Indeed Morrissey’s best and most lucid record since ‘Ringleader’ is a compilation of odds, sods, the odd cover and assembled rarities released in 2009 – and honking of contractual obligation – as ‘Swords’. Eighteen cuts long, it captures some of his lesser known tracks recorded over the previous decade, ‘Ganglord’, ‘Teenage Dad On His Estate’, ‘Munich Air Disaster, 1958’, ‘Children In Pieces’, ‘Friday Mourning’ and ‘Because Of My Poor Education’ among them, as well as a meaty live take on Bowie’s ‘Drive-In Saturday’. And it has the not inconsiderable hand of Alain Whyte all over it.

 

 

Whyte might not be the most flamboyant and creative writer in recent music history but he’s certainly been Morrissey’s most ambitious and consequential partner since Johnny Marr. His songs buttressed the spine of every one of those solo albums from ‘Your Arsenal’ to ‘Ringleader Of The Tormentors’ and he was a constant in Morrissey’s live retinue from 1991 until 2004. And, as with many of those who’ve worked so intrinsically inside the singer’s inner circle, he left the set-up under a cloud – how else ? – and was roundly disparaged, like a myriad of others, in the singer’s 2014 book, ‘Autobiography’.

 

While many of Whyte’s songs are as one-dimensional as the mercurial League Of Ireland wing wizard returned from England’s lower leagues, his credits – ‘Hold Onto Your Friends’, ‘Sunny’, First Of The Gang To Die’, ‘Life Is A Pigsty’, ‘I’ll Never Be Anybody’s Hero Now’, ‘Its Not Your Birthday Anymore’, ‘Certain People I Know’ and a myriad of others – tell their own story.
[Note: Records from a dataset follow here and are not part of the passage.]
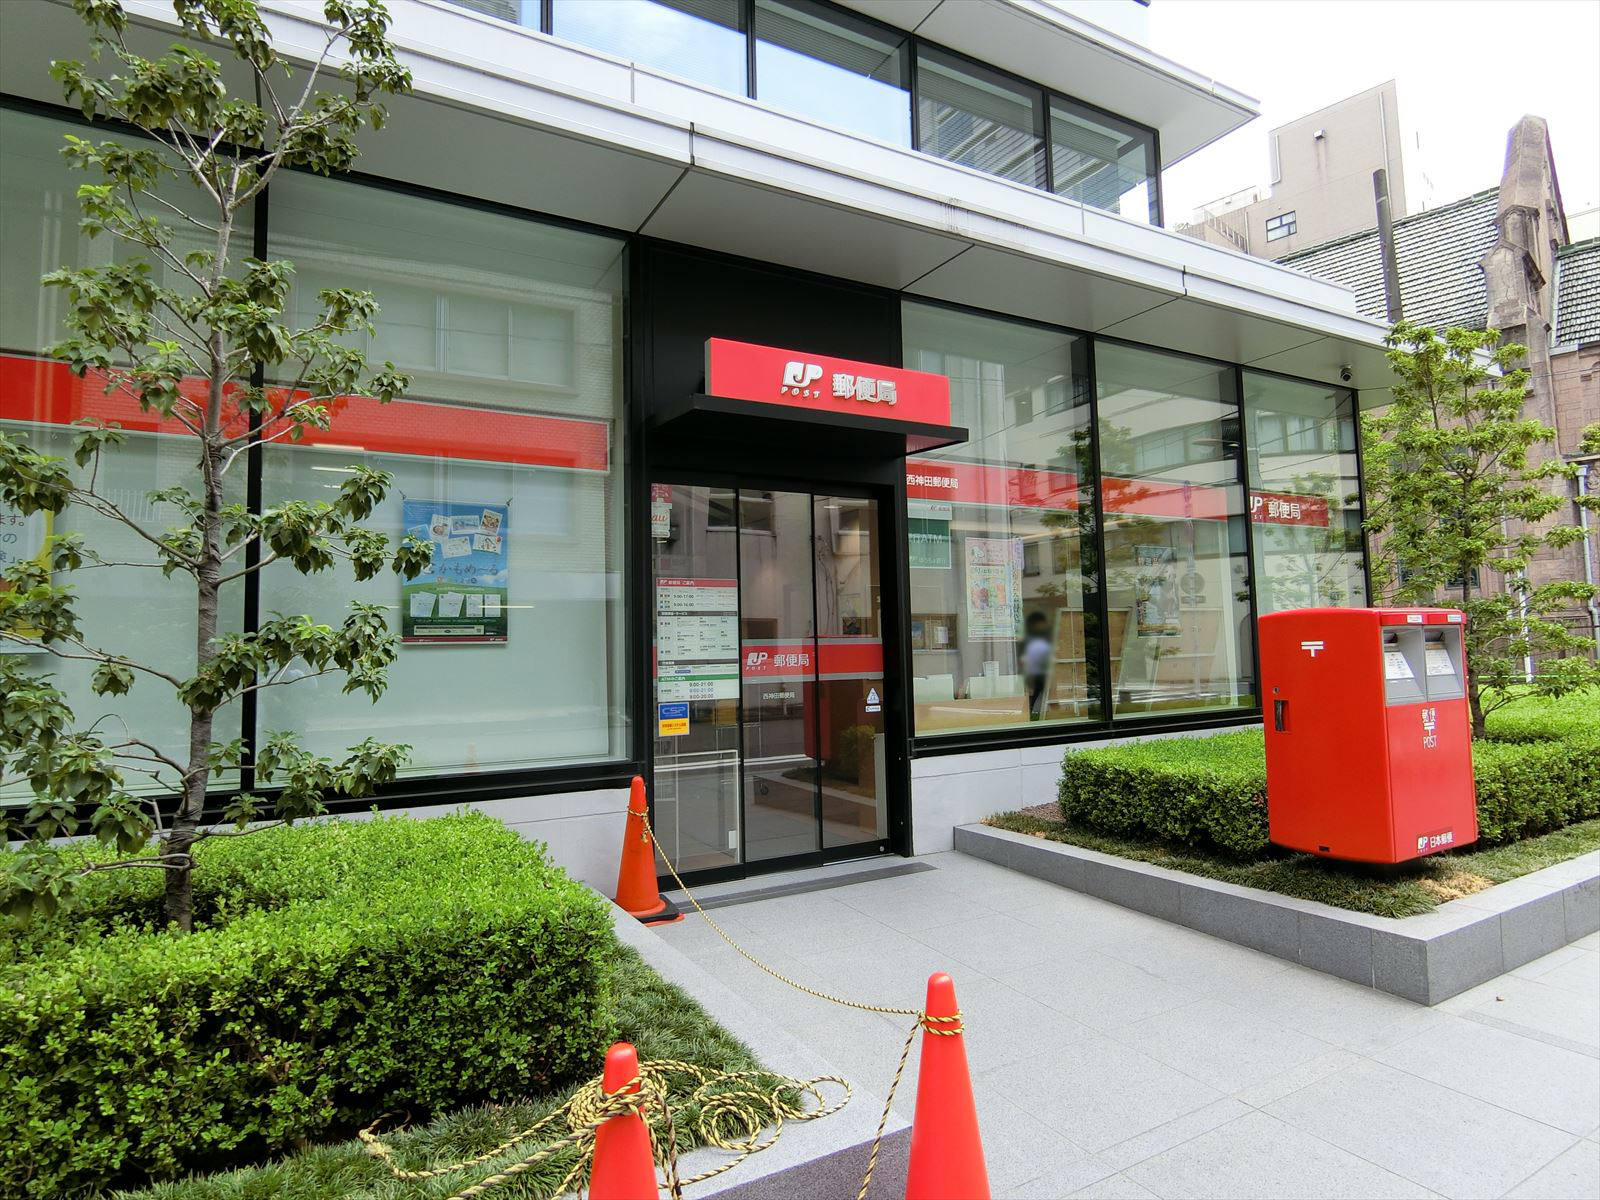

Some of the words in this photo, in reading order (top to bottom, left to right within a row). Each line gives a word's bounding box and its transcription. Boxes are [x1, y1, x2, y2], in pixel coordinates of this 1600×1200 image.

[781, 386, 821, 399] POST
[832, 373, 897, 405] 郵便局
[906, 474, 959, 489] 西神田郵便局
[1268, 501, 1301, 520] 郵便局
[774, 653, 809, 667] 郵便局
[762, 691, 796, 700] 西神田郵便局
[662, 706, 686, 715] CSP
[1421, 707, 1436, 723] 郵便
[1423, 735, 1437, 749] POST
[1429, 831, 1453, 848] 日本郵便
And he may, perhaps, have been far more central to Morrissey’s machine than the singer might otherwise concede

 

A considerable amount of water, record company spats, quality b-sides, bass-players and unseemly aggro have passed beneath the bridges in the many years since I first fell under Morrissey’s spell – mano a boyo – feet away from the stage at The Savoy in Cork in 1984. And in that time, I suspect I’ve become one of those hopelessly forlorn suburban cases, just keeping on keeping on, head down, that so dominate many of his songs. The sickly boyfriend who went down on one knee because, well, he only had one knee. And, when I fetch up next week in The Point, I’ll meet many more just like me. And worse.

 

Morrissey has consistently entertained me, appalled me, disgusted me, humoured me and, for many years, just obsessed me ;- for ages he was a conversation starter and a friendship former. We’ve been thirty-five years together now and, like many other couples who first got it on in secondary school, should probably have called it quits for good years ago. With the thrill far more irregular and the unquestioning lustre long worn, we’re doing it more for the kids than for ourselves at this stage. That and the promise, unlikely as it might be, of the occasional ride for old time’s sake knowing that, back in the day, when we were good we were, if not unstoppable, at least moderately compatible.

 

The odd time I hear the frankly preposterous notion that The Smiths were a) over-rated and b) not half as influential as history records them. This sort of half-baked pub argument is seen off quickly ;- the band was together for five years during which they were prolific, consistently challenging and when they profoundly turned popular music on its head. And there was a time too, difficult as it might be to believe now, when Morrissey, the solo artist, was just as important, provocative and relevant.

 

A number of years ago, a friend sneaked me a copy of Morrissey’s rider from 2009’s ‘Years of Refusal’ tour and, to be fair, it certainly lived up to, and on every one of it’s 28 pages greatly exceeded, everything I expected of the old tart – of Irish blood, English heart – in respect of his general demands and back-stage considerations. From a man who name-checks The Christian Brothers in one of his songs, how could it have been any other way ?

 

Apart entirely from the standard guff about clean towels, chilled water, toilets and executive travel to and from venues, I was especially taken by some of Morrissey’s demands for his own dressing room. And particularly his requests for Dubliner brand ‘organic mature vegetarian cheddar cheese’ and ‘Real Irish Kerrygold salted butter.

 

My father turned 80 last November. With a considerable quiff of his own that I can only but marvel at, he uses a basic mobile telephone that he never answers but on which he texts me irregularly. Usually using a stream of consciousness style, with no capital letters or punctuation, he’ll often prompt me about my mother’s birthday, various hospital appointments and the inadequacies of the Cork hurling teams.

 

Late one Friday night last October, he sent me the following message :- ‘mam says your friend Morrissey is on graham norton’. And I know that I will never, ever receive such a casually perceptive, subversive and pointed text again as long as I live.

 

Keeping it in the family, that’s us.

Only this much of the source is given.